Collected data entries
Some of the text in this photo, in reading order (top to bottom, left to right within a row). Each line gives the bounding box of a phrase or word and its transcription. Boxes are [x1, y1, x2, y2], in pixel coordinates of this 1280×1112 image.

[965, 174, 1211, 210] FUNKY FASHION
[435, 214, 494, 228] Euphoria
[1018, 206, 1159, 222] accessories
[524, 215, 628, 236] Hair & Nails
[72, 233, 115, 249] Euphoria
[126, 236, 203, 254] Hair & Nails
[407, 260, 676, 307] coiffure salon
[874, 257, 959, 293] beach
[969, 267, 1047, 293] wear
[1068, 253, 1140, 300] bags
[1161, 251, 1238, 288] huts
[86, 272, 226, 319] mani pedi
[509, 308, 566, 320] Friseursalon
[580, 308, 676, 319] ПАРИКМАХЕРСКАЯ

— YOUR OBJECTIVE —
Every record here must be output exactly, word for word.

— ANSWER SECTION —
Some of the text in this photo, in reading order (top to bottom, left to right within a row). Each line gives the bounding box of a phrase or word and its transcription. Boxes are [x1, y1, x2, y2], in pixel coordinates of this 1280×1112 image.

[965, 174, 1211, 210] FUNKY FASHION
[435, 214, 494, 228] Euphoria
[1018, 206, 1159, 222] accessories
[524, 215, 628, 236] Hair & Nails
[72, 233, 115, 249] Euphoria
[126, 236, 203, 254] Hair & Nails
[407, 260, 676, 307] coiffure salon
[874, 257, 959, 293] beach
[969, 267, 1047, 293] wear
[1068, 253, 1140, 300] bags
[1161, 251, 1238, 288] huts
[86, 272, 226, 319] mani pedi
[509, 308, 566, 320] Friseursalon
[580, 308, 676, 319] ПАРИКМАХЕРСКАЯ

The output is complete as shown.